# Only Visible SUPERMOON of 2017 Will Be On December 3rd



## SeaBreeze (Nov 29, 2017)

The only visible Supermoon of 2017 will be on December 3rd, more HERE.



> The first and only visible supermoon of 2017 will occur on the night  of December 3, shining up to 16 percent brighter and 7 percent larger  than normal, according to _National Geographic_.
> 
> Because  the moon’s orbit of the Earth is not perfectly circular, its distance  from us varies. A supermoon occurs when perigree - the closest point to  Earth in the moon’s orbit - coincides with a full moon. This makes the  moon appear larger and brighter in the sky than usual.









    November 2016’s supermoon was the closest to the earth since 1948. It  sets here behind Phrathat Doi Suthep in Chiang Mai, Thailand, November  15 2016.


----------



## RadishRose (Nov 29, 2017)

That will be a sight! Even tonight while walking doggie, the waxing moon seems brighter than usual.


----------



## chic (Nov 30, 2017)

Love those full moons.


----------



## Uptosnuff (Dec 1, 2017)

Cool!  Thanks for posting this.  I woke up in the middle of the night last night and I thought the moon was extremely bright shining through the window.


----------



## Gary O' (Dec 1, 2017)

Dang

camera ready


...snow predicted


----------



## MarkinPhx (Dec 1, 2017)

I'm looking forward to it. Thanks for the reminder !


----------



## dpwspringer (Dec 4, 2017)

The moon shadows were impressive in my area last night when I took the dog for a walk around 12am with the moon pretty high in the visible sky. Earlier in the evening we had some slight clouds and the moon was so bright it appeared that the clouds were BEHIND the moon instead of in front of the moon.


----------



## Ken N Tx (Dec 4, 2017)

dpwspringer said:


> The moon shadows were impressive in my area last night when I took the dog for a walk around 12am with the moon pretty high in the visible sky. Earlier in the evening we had some slight clouds and the moon was so bright it appeared that the clouds were BEHIND the moon instead of in front of the moon.


It is 6am here right now and it is full and bright..


----------



## SeaBreeze (Dec 4, 2017)

I went out last night and took a look at the moon, it was a bit larger than usual, but the sky was hazy with clouds so it was hard to see.


----------



## MarkinPhx (Dec 4, 2017)

I had a clear view and it looked great.
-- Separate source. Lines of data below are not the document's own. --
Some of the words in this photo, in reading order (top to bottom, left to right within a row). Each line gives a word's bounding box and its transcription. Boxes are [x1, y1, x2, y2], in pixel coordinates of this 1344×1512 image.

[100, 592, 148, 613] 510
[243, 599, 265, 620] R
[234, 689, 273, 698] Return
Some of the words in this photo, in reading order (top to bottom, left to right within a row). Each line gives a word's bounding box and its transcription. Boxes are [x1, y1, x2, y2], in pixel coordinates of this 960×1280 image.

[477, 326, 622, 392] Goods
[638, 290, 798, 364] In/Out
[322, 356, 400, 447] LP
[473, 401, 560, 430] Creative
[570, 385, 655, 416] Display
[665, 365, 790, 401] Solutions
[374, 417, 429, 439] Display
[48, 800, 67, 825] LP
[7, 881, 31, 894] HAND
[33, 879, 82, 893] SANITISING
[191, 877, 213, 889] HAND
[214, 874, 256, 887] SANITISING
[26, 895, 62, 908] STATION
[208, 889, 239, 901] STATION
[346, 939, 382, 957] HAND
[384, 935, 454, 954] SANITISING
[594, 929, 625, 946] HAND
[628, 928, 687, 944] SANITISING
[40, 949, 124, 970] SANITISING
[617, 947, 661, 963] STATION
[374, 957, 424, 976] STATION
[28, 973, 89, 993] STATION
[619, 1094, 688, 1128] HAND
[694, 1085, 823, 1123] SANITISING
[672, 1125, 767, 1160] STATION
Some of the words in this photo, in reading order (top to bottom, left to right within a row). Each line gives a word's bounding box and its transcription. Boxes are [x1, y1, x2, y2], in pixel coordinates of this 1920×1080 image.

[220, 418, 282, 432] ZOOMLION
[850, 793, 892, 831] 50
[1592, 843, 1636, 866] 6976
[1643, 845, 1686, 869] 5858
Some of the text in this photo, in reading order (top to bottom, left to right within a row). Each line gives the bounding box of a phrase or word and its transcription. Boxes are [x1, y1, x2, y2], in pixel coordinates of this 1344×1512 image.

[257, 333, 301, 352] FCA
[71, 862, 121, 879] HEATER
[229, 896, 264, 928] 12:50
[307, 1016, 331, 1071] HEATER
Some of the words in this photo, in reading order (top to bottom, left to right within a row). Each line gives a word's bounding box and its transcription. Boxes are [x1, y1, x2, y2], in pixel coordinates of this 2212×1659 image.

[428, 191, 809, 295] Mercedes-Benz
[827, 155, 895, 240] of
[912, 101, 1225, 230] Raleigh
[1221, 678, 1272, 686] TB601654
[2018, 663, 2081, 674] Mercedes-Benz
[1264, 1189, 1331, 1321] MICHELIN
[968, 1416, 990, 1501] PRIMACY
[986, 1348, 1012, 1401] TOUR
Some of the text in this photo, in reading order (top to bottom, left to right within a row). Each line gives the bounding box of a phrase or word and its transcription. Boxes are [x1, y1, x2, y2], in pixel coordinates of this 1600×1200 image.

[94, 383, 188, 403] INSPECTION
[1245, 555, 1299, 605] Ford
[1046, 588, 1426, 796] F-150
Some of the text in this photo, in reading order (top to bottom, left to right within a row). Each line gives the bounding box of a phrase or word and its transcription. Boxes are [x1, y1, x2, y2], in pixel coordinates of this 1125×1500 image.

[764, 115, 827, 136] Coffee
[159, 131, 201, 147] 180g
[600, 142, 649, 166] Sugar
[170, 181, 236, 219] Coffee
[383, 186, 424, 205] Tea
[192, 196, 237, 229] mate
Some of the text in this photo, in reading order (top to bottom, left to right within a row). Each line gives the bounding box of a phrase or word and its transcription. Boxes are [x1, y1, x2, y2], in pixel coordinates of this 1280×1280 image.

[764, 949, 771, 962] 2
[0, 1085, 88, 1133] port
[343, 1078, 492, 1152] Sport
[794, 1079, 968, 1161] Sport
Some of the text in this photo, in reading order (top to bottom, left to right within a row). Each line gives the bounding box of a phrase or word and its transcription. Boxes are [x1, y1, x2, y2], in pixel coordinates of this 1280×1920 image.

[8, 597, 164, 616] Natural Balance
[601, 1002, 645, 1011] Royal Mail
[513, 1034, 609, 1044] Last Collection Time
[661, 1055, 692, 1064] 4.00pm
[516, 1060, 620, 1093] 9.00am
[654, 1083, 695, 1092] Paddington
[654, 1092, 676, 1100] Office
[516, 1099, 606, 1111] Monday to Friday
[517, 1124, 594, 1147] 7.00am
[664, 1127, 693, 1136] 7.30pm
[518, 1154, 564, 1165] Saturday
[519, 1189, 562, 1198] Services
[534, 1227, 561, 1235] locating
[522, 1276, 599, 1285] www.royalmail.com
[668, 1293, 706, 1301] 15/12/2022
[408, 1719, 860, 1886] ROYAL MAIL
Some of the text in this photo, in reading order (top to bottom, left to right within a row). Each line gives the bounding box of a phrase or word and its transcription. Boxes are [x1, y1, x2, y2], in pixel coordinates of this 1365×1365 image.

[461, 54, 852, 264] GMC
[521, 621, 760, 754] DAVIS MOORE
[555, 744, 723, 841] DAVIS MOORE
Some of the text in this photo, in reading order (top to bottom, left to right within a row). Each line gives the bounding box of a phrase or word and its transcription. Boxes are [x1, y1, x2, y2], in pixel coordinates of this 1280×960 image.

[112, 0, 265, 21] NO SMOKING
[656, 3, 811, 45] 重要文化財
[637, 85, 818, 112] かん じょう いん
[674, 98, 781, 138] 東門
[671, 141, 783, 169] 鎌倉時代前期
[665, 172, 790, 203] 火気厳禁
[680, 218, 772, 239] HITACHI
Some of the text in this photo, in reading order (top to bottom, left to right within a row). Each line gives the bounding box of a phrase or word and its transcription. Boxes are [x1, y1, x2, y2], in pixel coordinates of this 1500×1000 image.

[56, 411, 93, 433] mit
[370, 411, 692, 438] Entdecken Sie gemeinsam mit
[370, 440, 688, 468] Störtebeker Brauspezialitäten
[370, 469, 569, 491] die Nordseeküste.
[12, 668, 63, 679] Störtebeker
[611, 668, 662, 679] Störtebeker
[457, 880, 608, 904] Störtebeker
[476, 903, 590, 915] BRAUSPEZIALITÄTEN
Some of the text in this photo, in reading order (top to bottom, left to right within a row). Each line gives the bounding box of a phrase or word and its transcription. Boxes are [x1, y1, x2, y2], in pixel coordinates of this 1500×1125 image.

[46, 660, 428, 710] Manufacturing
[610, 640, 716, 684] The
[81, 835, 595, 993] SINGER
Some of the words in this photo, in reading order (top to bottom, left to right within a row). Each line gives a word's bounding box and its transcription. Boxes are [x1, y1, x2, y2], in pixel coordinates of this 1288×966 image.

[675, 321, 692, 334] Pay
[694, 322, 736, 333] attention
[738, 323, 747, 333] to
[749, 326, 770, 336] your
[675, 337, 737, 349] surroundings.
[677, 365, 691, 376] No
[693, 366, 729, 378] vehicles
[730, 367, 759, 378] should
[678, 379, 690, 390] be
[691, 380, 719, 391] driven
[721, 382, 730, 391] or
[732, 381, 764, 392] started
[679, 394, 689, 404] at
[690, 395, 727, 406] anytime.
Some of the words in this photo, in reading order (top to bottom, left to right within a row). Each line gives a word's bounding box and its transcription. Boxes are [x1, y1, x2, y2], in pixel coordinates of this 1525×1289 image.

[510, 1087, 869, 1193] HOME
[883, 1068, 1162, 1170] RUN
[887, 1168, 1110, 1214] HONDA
There was a blue tint around it which made it look even more impressive.


----------



## NancyNGA (Dec 4, 2017)

I missed it.  Actually I was too lazy to go out and look.  There are supposed to be two more in January: Jan. 1 and Jan. 31, 2018. 

_"If you only have time to catch one of them, be sure to check out the "extra-special" Jan. 31 supermoon, NASA said in a statement Friday (Dec. 1). The late January supermoon will take place during a total lunar eclipse visible from western North America, the Pacific and Eastern Asia. It will also be a blue moon. _[2nd in one month]"



https://www.space.com/38969-supermoon-trilogy-kicks-off-dec-3.html

On a side note...The event of a super moon a few years ago was when I first discovered I  was getting cataracts.  The moon appeared to have a huge halo around it.  When I took a picture with the camera, no halo at all showed up.


----------